Cambio di stagione
Lunedì: animale lesto, ostile. Pensiero abrasivo che urtica i nervi, sin dalla sveglia. Anche quando pare innocuo, fuori stagione, ha una coda che trascina frantumi di tragedia, sempre. Fitte, emicranie, gastriti. Sarebbe agosto, dico, adesso. Differenze con novembre: clienti che vagano sbracciati, oltre la porta dell’albergo. In sandali, nonostante la pioggia. Il che potrebbe non voler dire niente: qui c’è chi li porta persino a febbraio. Ma per noi, noi chi?, per me, non cambia niente. L’aria condizionata è sempre a ventuno gradi, alla reception di questo hotel da cento stanze. Il meteo è un concetto crudele, ma rapido, quanto il tragitto per casa.

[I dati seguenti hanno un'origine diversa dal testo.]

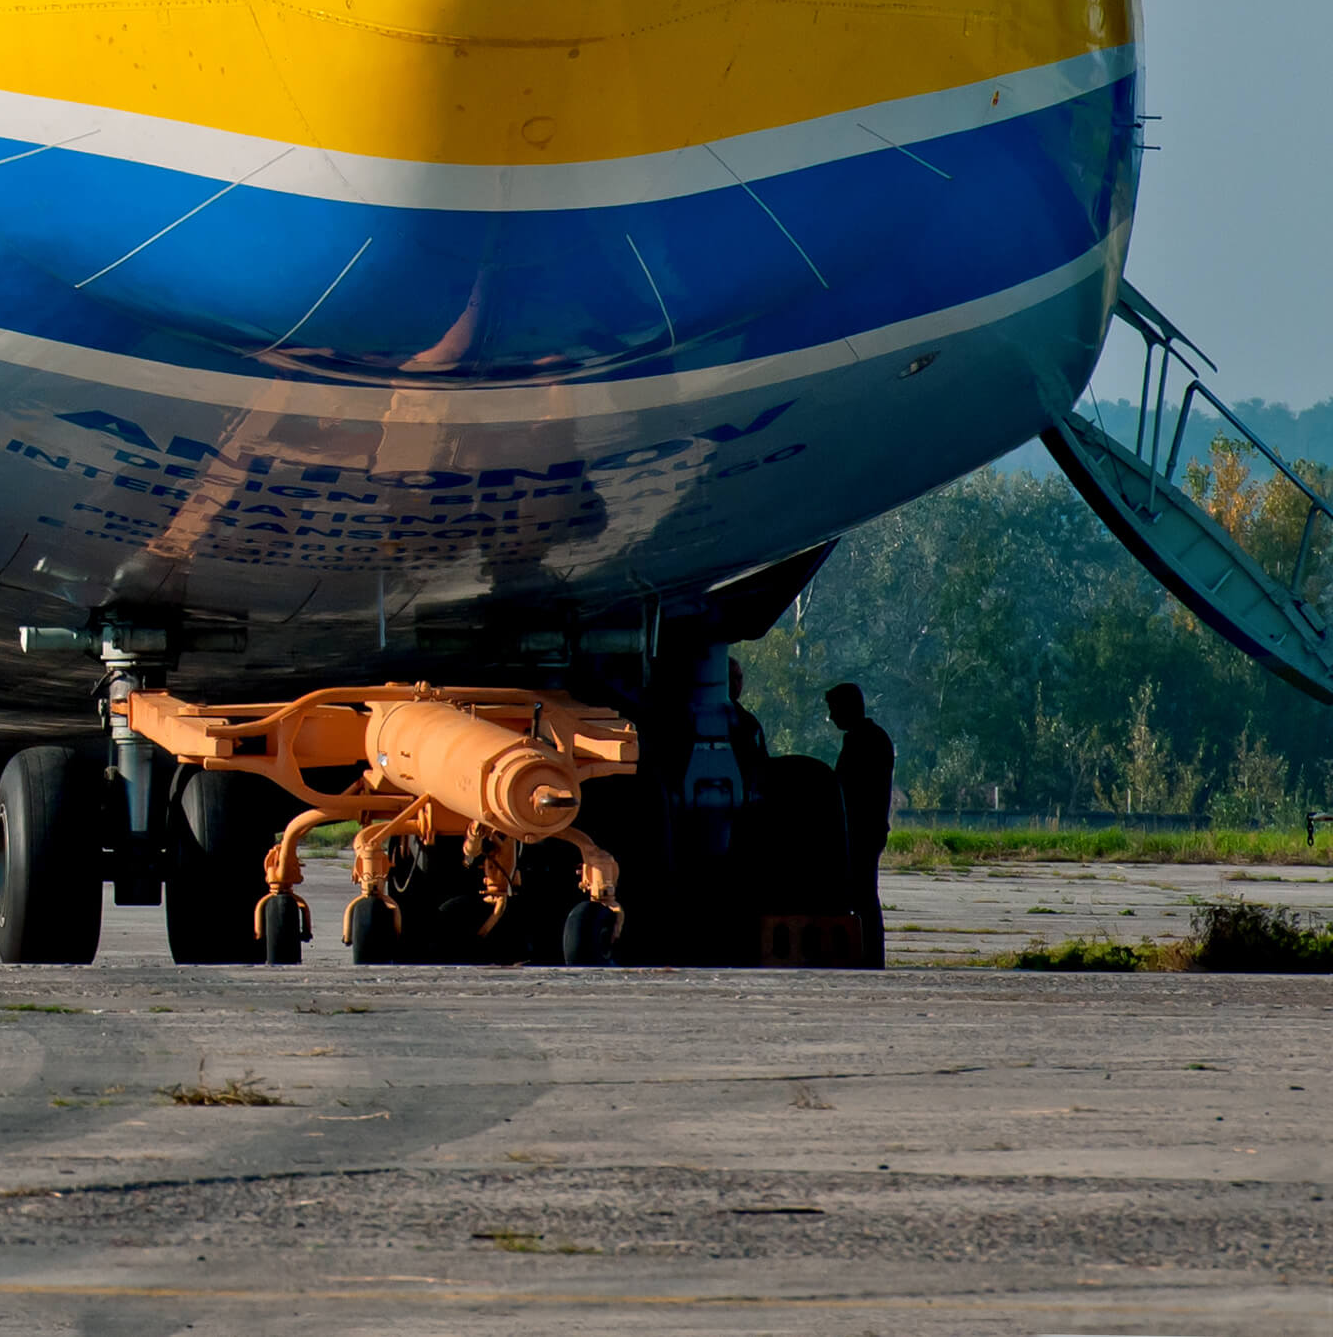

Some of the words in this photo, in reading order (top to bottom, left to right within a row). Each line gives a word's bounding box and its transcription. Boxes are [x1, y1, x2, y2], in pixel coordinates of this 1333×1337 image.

[6, 438, 537, 525] INTERNATIONAL
[52, 398, 801, 490] ANTONOV
[113, 448, 379, 505] DESIGN
[429, 450, 718, 506] BUREAU
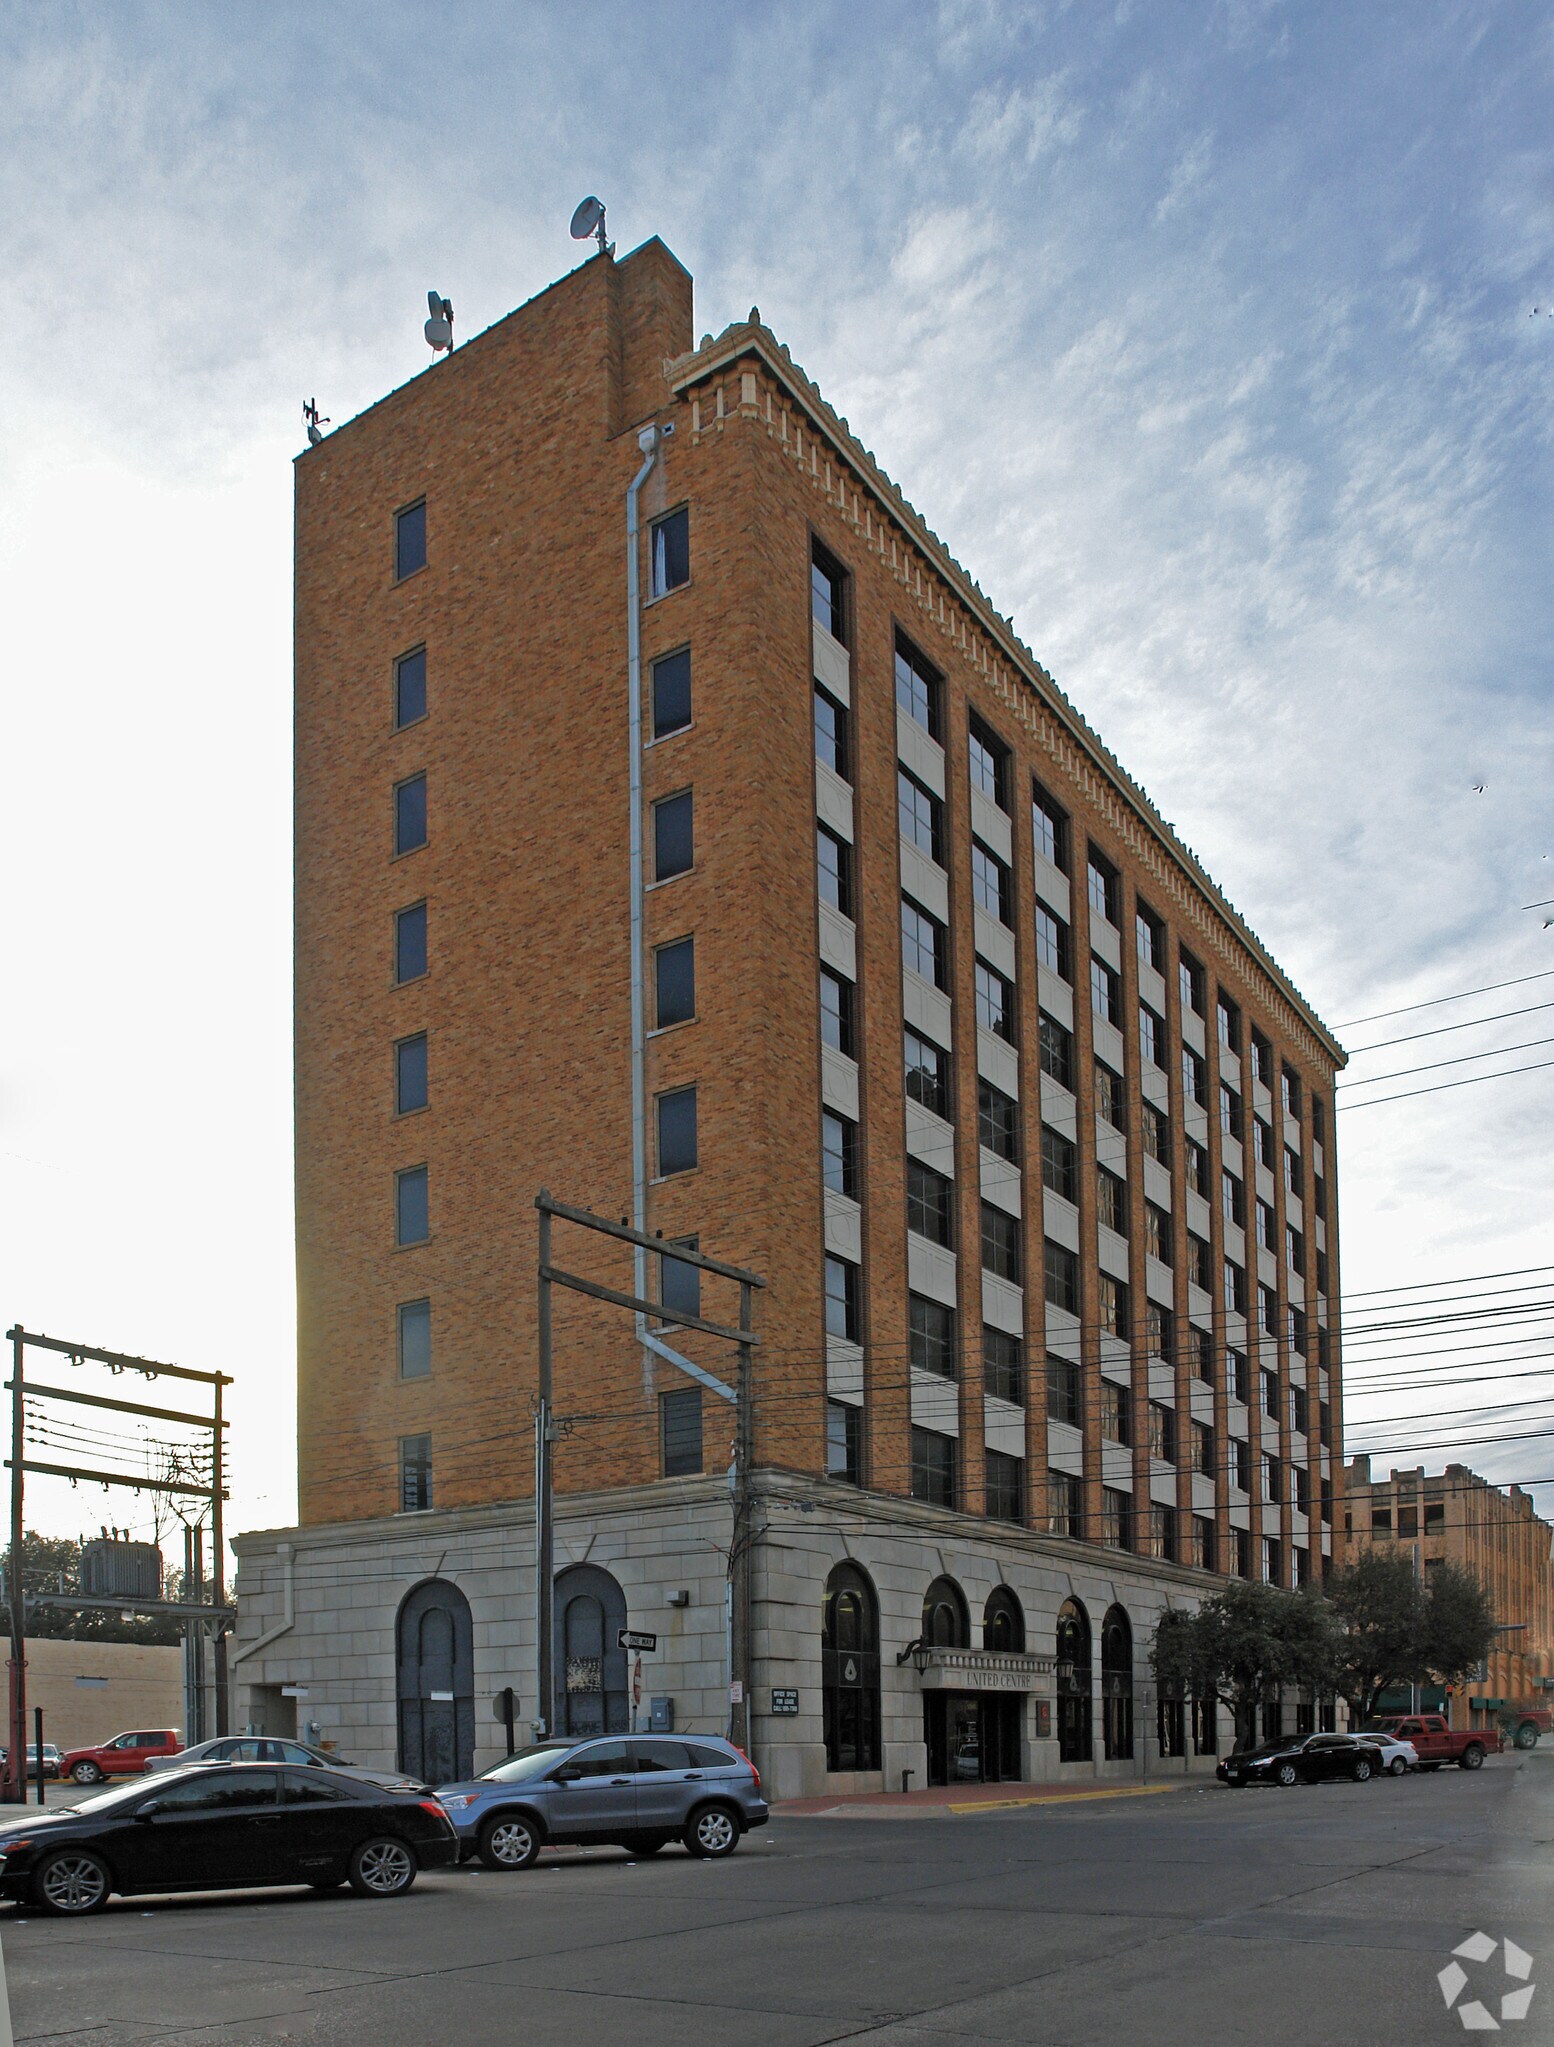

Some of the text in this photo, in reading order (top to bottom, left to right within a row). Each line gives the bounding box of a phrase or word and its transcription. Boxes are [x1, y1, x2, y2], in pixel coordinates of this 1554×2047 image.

[630, 1636, 653, 1646] ONE WAY
[967, 1671, 1031, 1688] UNITED CENTRE

Lunedì. Per ora bene. Si comincia alle tre, sono qui dalle due e mezza, un cambio e caffè veloci, due chiacchiere qua e là. La mia collega Mireia annuncia: novantaquattro arrivi, primo full della stagione, saremo completi per le nove e in overbooking di cinque. Mireia si è fatta ottantanove check-out. Le puzzano i piedi e la camicia, ha i capelli grassi, le tette strizzate e un alone di sudore le annerisce la giacca. Io sono di un bianco desolante, la barba fatta male, troppa, solita fretta, la giacca sintetica blu. Siamo sgradevoli, lo sappiamo. Siamo giovani e sprecati, avvizziti come frutta vecchia chiusa in frigo. Io sono appena arrivato e già sembro stremato. Lei ha una faccia di chi non dovrebbe neanche essere qui. C’è chi chiama un’ambulanza per molto meno. Il nostro burn-out è un orizzonte a portata di mano: un incubo che sa di deodorante esausto e ballerine consumate, gelido come l’aria di questo hotel.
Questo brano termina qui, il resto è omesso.